WORK INSTRUCTIONS: Your response should be the complete data, transcribed exactly.

MATERIAL PROVIDED:
----

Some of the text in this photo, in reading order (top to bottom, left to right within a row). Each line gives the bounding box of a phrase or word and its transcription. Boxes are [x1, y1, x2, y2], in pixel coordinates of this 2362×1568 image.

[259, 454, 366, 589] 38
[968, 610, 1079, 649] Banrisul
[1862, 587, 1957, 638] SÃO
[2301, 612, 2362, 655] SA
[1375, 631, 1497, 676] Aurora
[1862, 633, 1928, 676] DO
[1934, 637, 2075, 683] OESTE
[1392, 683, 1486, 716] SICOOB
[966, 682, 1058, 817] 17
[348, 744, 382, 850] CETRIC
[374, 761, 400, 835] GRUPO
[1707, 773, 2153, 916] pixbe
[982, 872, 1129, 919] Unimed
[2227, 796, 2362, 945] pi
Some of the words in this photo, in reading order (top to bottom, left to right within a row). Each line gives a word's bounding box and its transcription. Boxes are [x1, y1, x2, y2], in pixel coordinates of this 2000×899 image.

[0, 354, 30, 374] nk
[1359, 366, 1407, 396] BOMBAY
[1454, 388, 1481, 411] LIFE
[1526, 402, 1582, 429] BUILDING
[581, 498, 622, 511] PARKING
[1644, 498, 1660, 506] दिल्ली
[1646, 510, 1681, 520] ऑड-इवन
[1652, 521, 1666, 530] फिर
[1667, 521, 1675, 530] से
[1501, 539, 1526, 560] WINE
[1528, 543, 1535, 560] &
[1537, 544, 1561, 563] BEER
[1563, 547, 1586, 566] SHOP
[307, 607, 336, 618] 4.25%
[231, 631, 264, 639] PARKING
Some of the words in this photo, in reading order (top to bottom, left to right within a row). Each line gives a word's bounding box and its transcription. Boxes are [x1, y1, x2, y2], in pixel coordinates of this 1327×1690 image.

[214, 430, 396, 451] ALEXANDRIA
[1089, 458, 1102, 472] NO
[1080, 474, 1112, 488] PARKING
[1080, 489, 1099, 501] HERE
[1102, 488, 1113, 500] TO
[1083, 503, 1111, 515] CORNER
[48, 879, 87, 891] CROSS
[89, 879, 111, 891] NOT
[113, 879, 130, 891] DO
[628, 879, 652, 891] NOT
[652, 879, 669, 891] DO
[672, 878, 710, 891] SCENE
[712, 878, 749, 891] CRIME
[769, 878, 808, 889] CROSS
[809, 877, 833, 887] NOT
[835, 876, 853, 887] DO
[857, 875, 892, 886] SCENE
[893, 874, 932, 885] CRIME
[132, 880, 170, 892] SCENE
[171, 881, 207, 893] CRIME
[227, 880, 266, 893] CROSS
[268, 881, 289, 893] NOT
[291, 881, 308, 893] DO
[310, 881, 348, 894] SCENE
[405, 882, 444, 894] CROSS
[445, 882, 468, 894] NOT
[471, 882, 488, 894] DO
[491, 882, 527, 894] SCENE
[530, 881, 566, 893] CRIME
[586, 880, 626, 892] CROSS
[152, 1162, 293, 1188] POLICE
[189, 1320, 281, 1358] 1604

----

REPLY:
Some of the text in this photo, in reading order (top to bottom, left to right within a row). Each line gives the bounding box of a phrase or word and its transcription. Boxes are [x1, y1, x2, y2], in pixel coordinates of this 2362×1568 image.

[259, 454, 366, 589] 38
[968, 610, 1079, 649] Banrisul
[1862, 587, 1957, 638] SÃO
[2301, 612, 2362, 655] SA
[1375, 631, 1497, 676] Aurora
[1862, 633, 1928, 676] DO
[1934, 637, 2075, 683] OESTE
[1392, 683, 1486, 716] SICOOB
[966, 682, 1058, 817] 17
[348, 744, 382, 850] CETRIC
[374, 761, 400, 835] GRUPO
[1707, 773, 2153, 916] pixbe
[982, 872, 1129, 919] Unimed
[2227, 796, 2362, 945] pi
Some of the words in this photo, in reading order (top to bottom, left to right within a row). Each line gives a word's bounding box and its transcription. Boxes are [x1, y1, x2, y2], in pixel coordinates of this 2000×899 image.

[0, 354, 30, 374] nk
[1359, 366, 1407, 396] BOMBAY
[1454, 388, 1481, 411] LIFE
[1526, 402, 1582, 429] BUILDING
[581, 498, 622, 511] PARKING
[1644, 498, 1660, 506] दिल्ली
[1646, 510, 1681, 520] ऑड-इवन
[1652, 521, 1666, 530] फिर
[1667, 521, 1675, 530] से
[1501, 539, 1526, 560] WINE
[1528, 543, 1535, 560] &
[1537, 544, 1561, 563] BEER
[1563, 547, 1586, 566] SHOP
[307, 607, 336, 618] 4.25%
[231, 631, 264, 639] PARKING
Some of the words in this photo, in reading order (top to bottom, left to right within a row). Each line gives a word's bounding box and its transcription. Boxes are [x1, y1, x2, y2], in pixel coordinates of this 1327×1690 image.

[214, 430, 396, 451] ALEXANDRIA
[1089, 458, 1102, 472] NO
[1080, 474, 1112, 488] PARKING
[1080, 489, 1099, 501] HERE
[1102, 488, 1113, 500] TO
[1083, 503, 1111, 515] CORNER
[48, 879, 87, 891] CROSS
[89, 879, 111, 891] NOT
[113, 879, 130, 891] DO
[628, 879, 652, 891] NOT
[652, 879, 669, 891] DO
[672, 878, 710, 891] SCENE
[712, 878, 749, 891] CRIME
[769, 878, 808, 889] CROSS
[809, 877, 833, 887] NOT
[835, 876, 853, 887] DO
[857, 875, 892, 886] SCENE
[893, 874, 932, 885] CRIME
[132, 880, 170, 892] SCENE
[171, 881, 207, 893] CRIME
[227, 880, 266, 893] CROSS
[268, 881, 289, 893] NOT
[291, 881, 308, 893] DO
[310, 881, 348, 894] SCENE
[405, 882, 444, 894] CROSS
[445, 882, 468, 894] NOT
[471, 882, 488, 894] DO
[491, 882, 527, 894] SCENE
[530, 881, 566, 893] CRIME
[586, 880, 626, 892] CROSS
[152, 1162, 293, 1188] POLICE
[189, 1320, 281, 1358] 1604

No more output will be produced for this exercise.